Splinter of the Mind’s Eye by Alan Dean Foster


Star Wars fans once thought that if George Lucas made another movie, it would have to be an adaptation of what could be the most popular book in the Star Wars franchise. Splinter of the Mind’s Eye is a definite fan favorite, critically acclaimed, and it was a must-read for anyone who considered themselves a hard-core fan in the days before the prequels. It was also the first book in what would become a huge library of media based on the Star Wars expanded universe.

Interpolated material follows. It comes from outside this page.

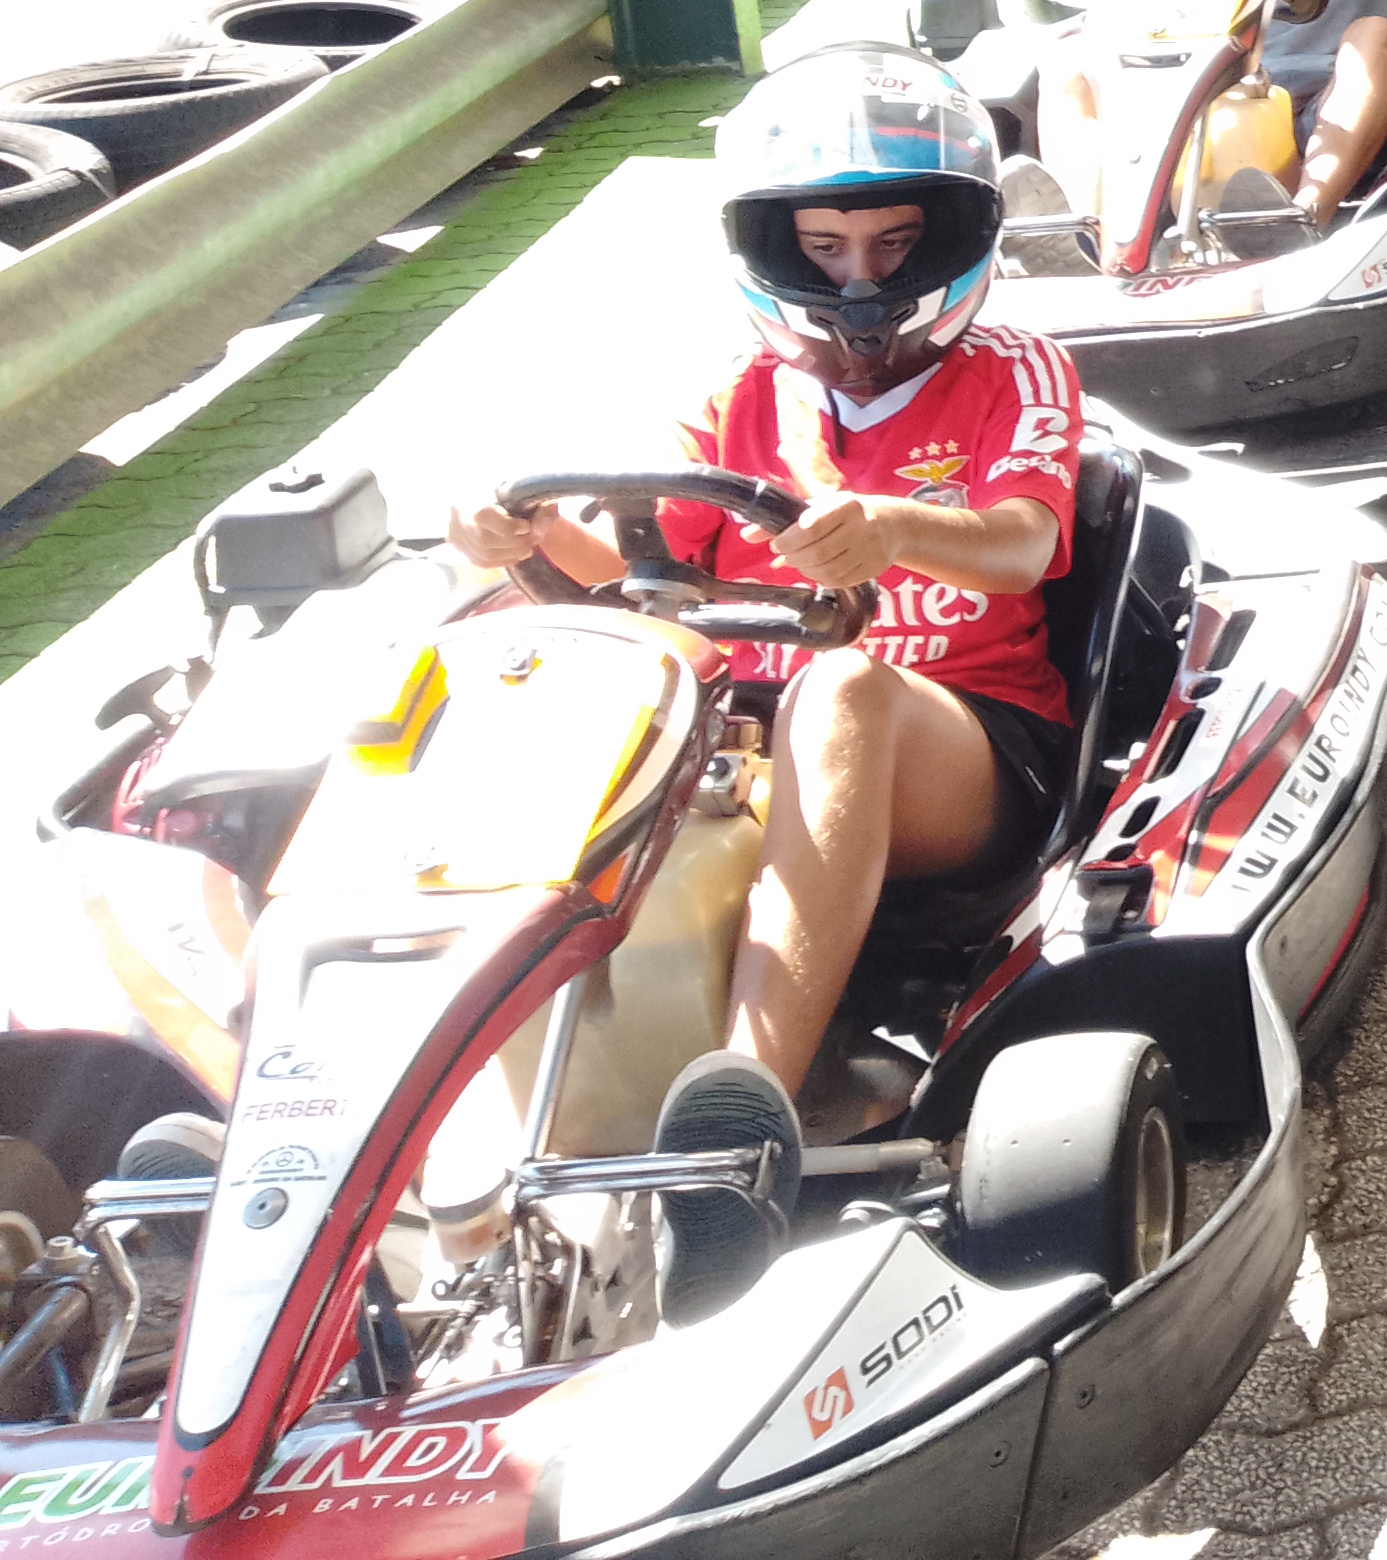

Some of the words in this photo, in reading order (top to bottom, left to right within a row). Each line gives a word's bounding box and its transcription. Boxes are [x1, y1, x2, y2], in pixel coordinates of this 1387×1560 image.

It was not to be, because George Lucas wanted a kid and a Gungan instead, and legions of bitter fans will never forgive him. In the new age of stand-alone movies and streaming services, however, this novel might still have a chance. Before that day comes, though, fans of the franchise should give it a read.

Ender’s Game by Orson Scott Card


Obviously, we have to mention the original outer space YA novel. Andrew “Ender” Wiggin thinks he is playing computer-simulated war games; he is, in fact, engaged in something far more desperate. The result of genetic experimentation, Ender may be the military genius Earth desperately needs in a war against an alien enemy seeking to destroy all human life. The only way to find out is to throw Ender into ever harsher training, to chip away and find the diamond inside, or destroy him utterly. Ender Wiggin is six years old when it begins. He will grow up fast.

But Ender is not the only result of the experiment…

The Hitchhiker’s Guide to the Galaxy by Douglas Adams


Seconds before the Earth is demolished to make way for a galactic freeway, Arthur Dent is plucked off the planet by his friend Ford Prefect, a researcher for the revised edition of The Hitchhiker’s Guide to the Galaxy who, for the last fifteen years, has been posing as an out-of-work actor.

Together this dynamic pair begin a journey through space aided by quotes from The Hitchhiker’s Guide (“A towel is about the most massively useful thing an interstellar hitchhiker can have”) and a galaxy-full of fellow travelers: Zaphod Beeblebrox–the two-headed, three-armed ex-hippie and totally out-to-lunch president of the galaxy; Trillian, Zaphod’s girlfriend (formally Tricia McMillan), whom Arthur tried to pick up at a cocktail party once upon a time zone; Marvin, a paranoid, brilliant, and chronically depressed robot; Veet Voojagig, a former graduate student who is obsessed with the disappearance of all the ballpoint pens he bought over the years.

The Hitchhiker’s Guide to the Galaxy is a hilarious, irreverent romp through space perfect for Star Wars fans who love the franchise’s lighthearted moments and witty dialogue.